An overview of the ethyl acetate extraction (EAX) process is presented in Fig. 6a. Following fermentation a mixture of water acetic acid (5% acetic acid by weight) is sent to a liquid&#;liquid extractor. Here it is mixed with ethyl acetate (EA) and the EA solubilizes the acetic acid. A mixture of acetic acid, EA, and a small amount of water are sent to a dehydration column operating at 118OC. EA and the remaining water are distilled off and glacial acetic acid (99.8% acetic acid) is produced. Water and EA are sent to stripping column to recover the EA. EA exiting the stripping column is recycled back to the extractor. Water is sent to an onsite wastewater treatment facility before being cycled back through the process. Major inputs and outputs from the biorefinery are listed in Table 5.

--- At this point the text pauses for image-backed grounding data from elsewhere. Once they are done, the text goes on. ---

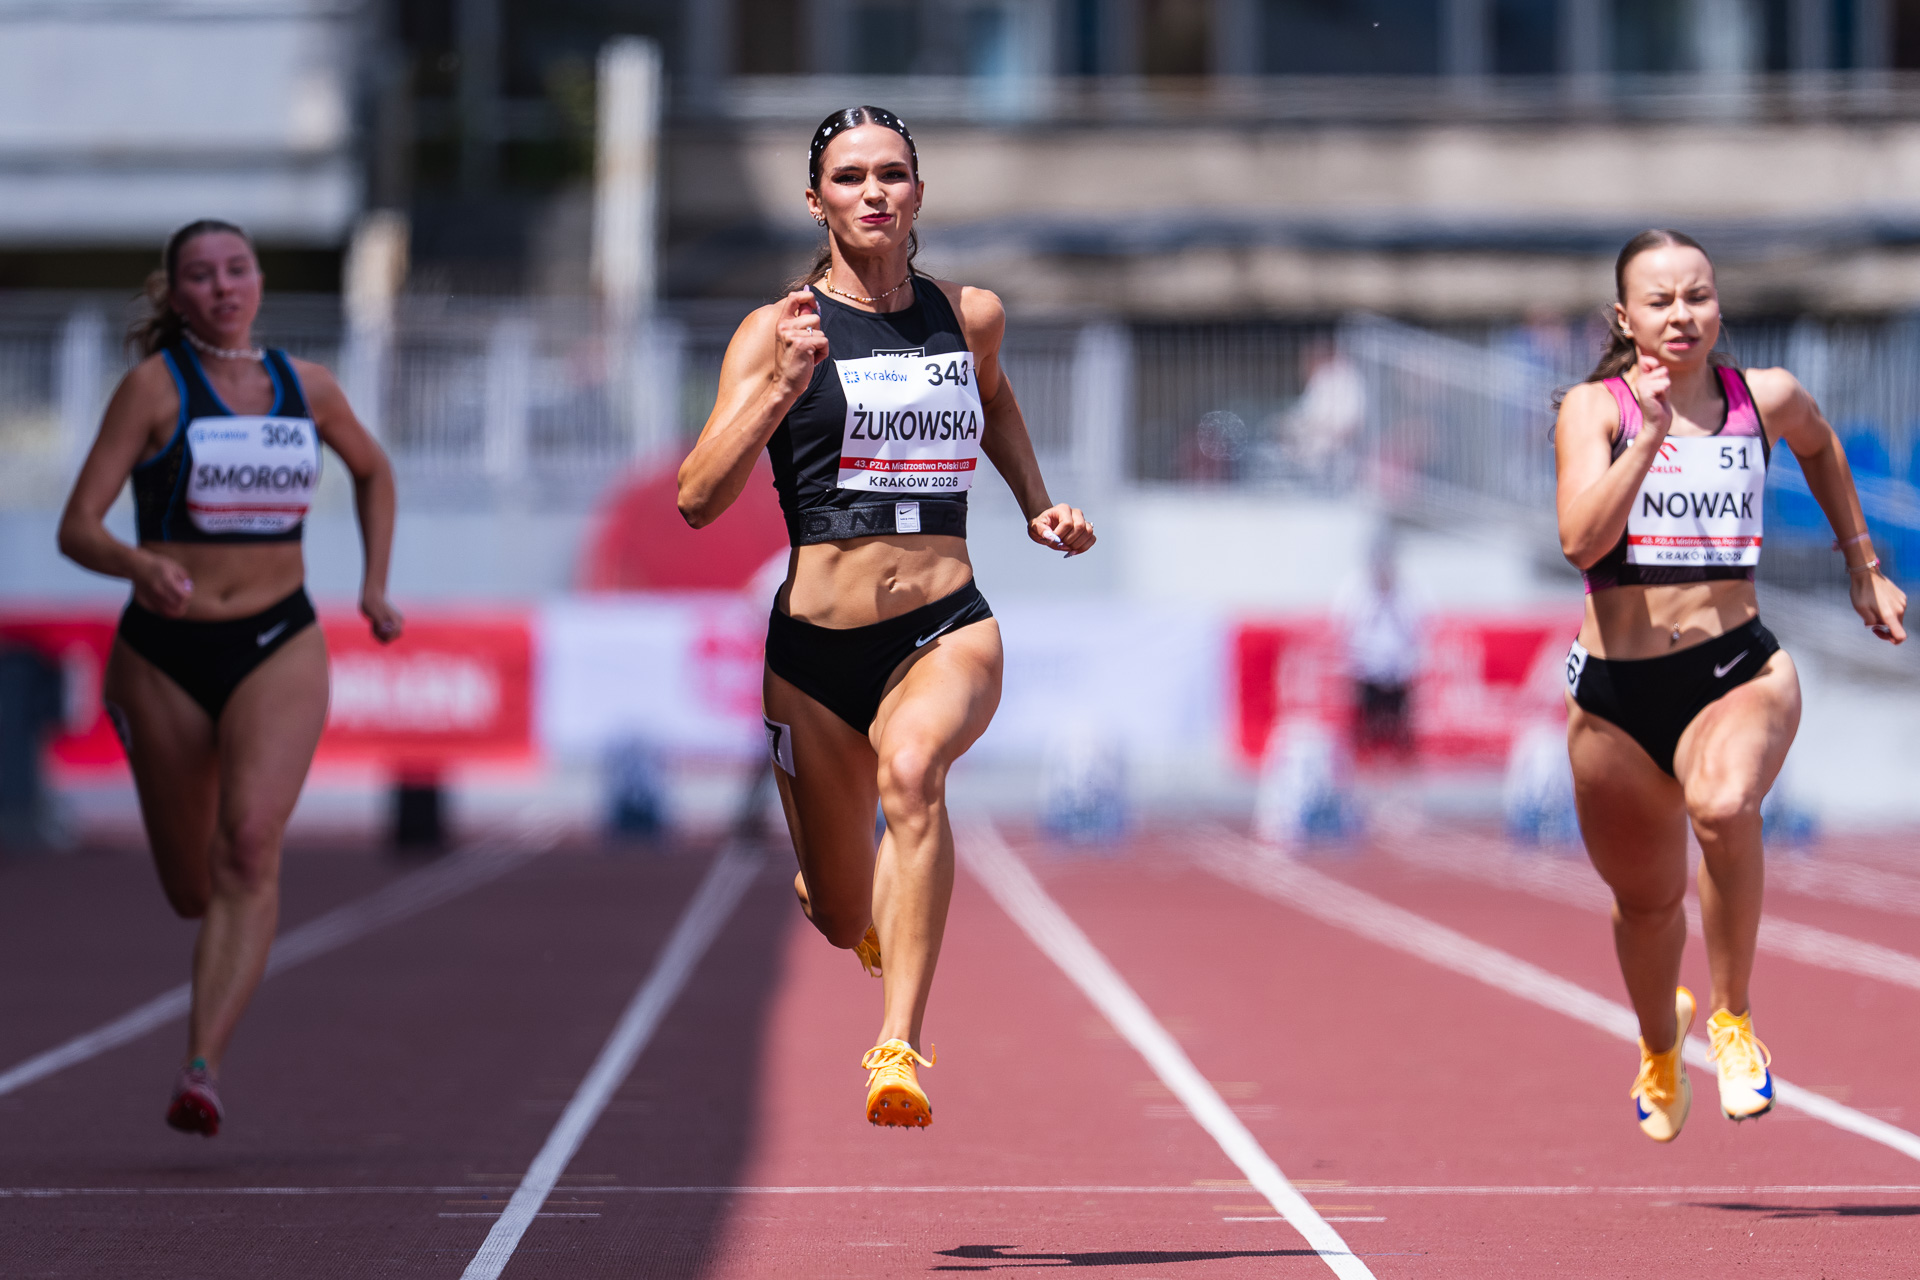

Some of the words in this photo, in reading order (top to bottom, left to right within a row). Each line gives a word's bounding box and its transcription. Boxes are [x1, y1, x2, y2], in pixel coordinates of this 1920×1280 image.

[864, 370, 908, 382] Kraków
[925, 360, 968, 387] 343
[850, 403, 977, 441] ŻUKOWSKA
[261, 423, 305, 447] 306
[854, 460, 868, 468] 43.
[869, 461, 891, 470] PZLA
[891, 462, 936, 471] Mistrzostwa
[937, 461, 959, 470] Polski
[1648, 465, 1682, 474] ORLEN
[1720, 446, 1750, 470] 51
[196, 461, 311, 491] SMOROŃ
[869, 474, 929, 488] KRAKÓW
[931, 477, 958, 487] 2026
[1642, 492, 1754, 519] NOWAK
[1567, 654, 1580, 685] 6
[764, 719, 782, 764] 7

Alamine/Diisobutyl ketone extraction

An overview of the alamine/DIBK solvent extraction (ADX) process is presented in Fig. 6b. After fermentation, acetic acid in water (5% acetic acid by weight) is sent to an extractor. Acetic acid and water are mixed with alamine and DIBK. Acetic acid combines with alamine and DIBK and is removed from the water. This mixture is sent to a dehydration column (174 °C) to remove any residual water. Following dehydration the mixture of acetic acid, alamine, and DIBK is sent to a stripping column (190 °C). Alamine is removed and a mixture of acetic acid and DIBK is sent to a second stripping column (168 °C). DIBK is removed and glacial acetic acid is produced. DIBK and alamine are recovered and are recycled back into process. Water removed during extraction/distillation is sent to wastewater treatment before being reused. Major inputs and outputs from the biorefinery are listed in Table 5.

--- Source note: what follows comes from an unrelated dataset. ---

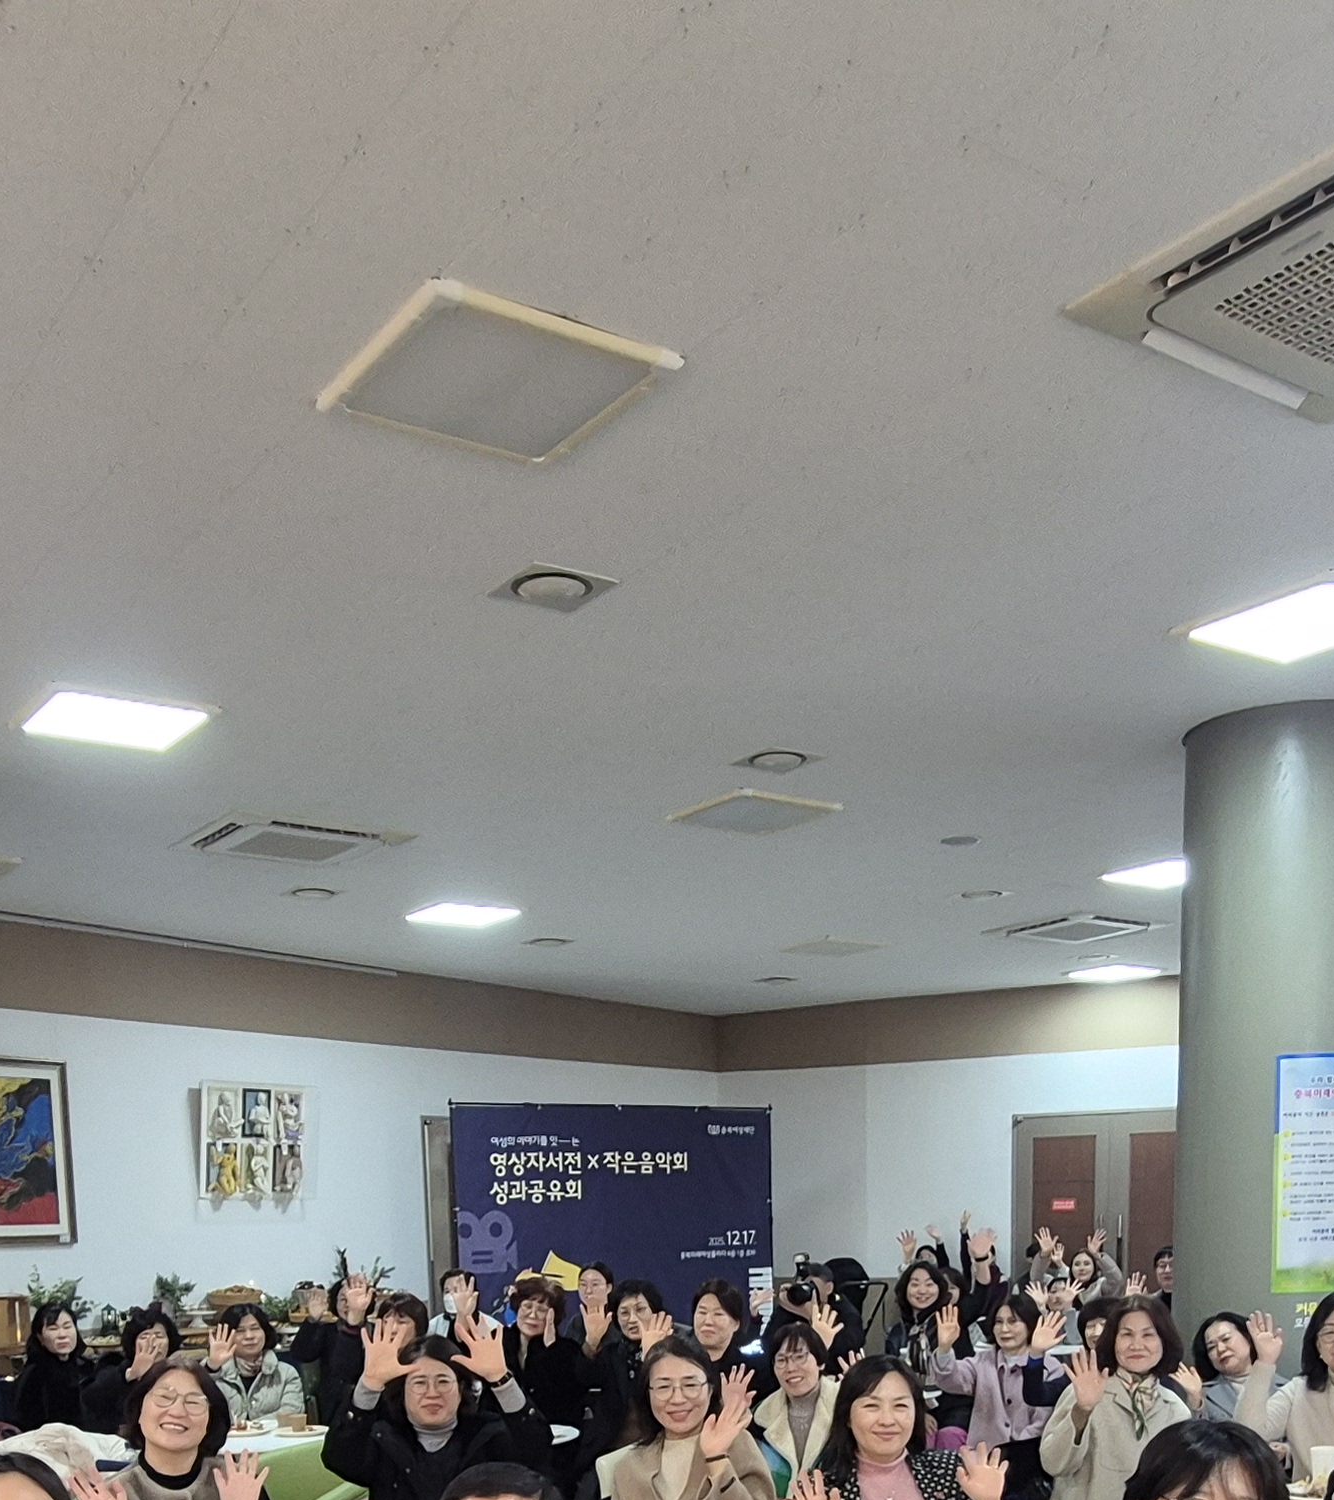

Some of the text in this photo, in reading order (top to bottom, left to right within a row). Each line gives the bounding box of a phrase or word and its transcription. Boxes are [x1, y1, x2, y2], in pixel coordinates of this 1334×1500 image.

In both extraction methods the solid stream separated out after the fermentation stage consists of lignin and other unfermented carbohydrates. To recover these solids and remove some of the residual water, the solid streams are filter pressed to 50% solids. Following concentration of the solids two potential downstream options for the solid stream are evaluated in this study. These are described in more detail below.

Onsite lignin combustion

Option one consists of combusting lignin onsite to produce heat/steam for the biorefinery operations and producing electricity by running high pressure steam through a steam turbine; using the moderate pressure steam exiting the turbine for the process. This practice is common in proposed biofuel biorefinery designs [1, 4] and pulp mills [30]. Compared to second generation lignocellulosic ethanol production, producing glacial acetic acid requires more heat/steam and combusting lignin alone cannot meet the entire energy demand. Extraction/distillation of acetic acid requires a significant amount of steam. To meet this demand, natural gas is imported and combusted with the lignin. To reach the temperatures needed for extraction/distillation moderate pressure steam would be required. However, technoeconomic work with the ASPEN model identified an economic benefit to instead first create high pressure steam and pass it through a turbine to produce moderate and low pressure steam. The conversion of high pressure steam to lower pressure steam through the turbine generates an amount of electricity that exceeds the needs of the biorefinery. The conversion efficiency of heat to steam is assumed to be 80% for both natural gas and lignin. The excess electricity can be sold to the electrical grid to increase the revenue generated from the biomass. The production of excess electricity is greater in the ethyl acetate extraction process as this method has a greater steam demand, and therefore, more high pressure is passed through the turbine.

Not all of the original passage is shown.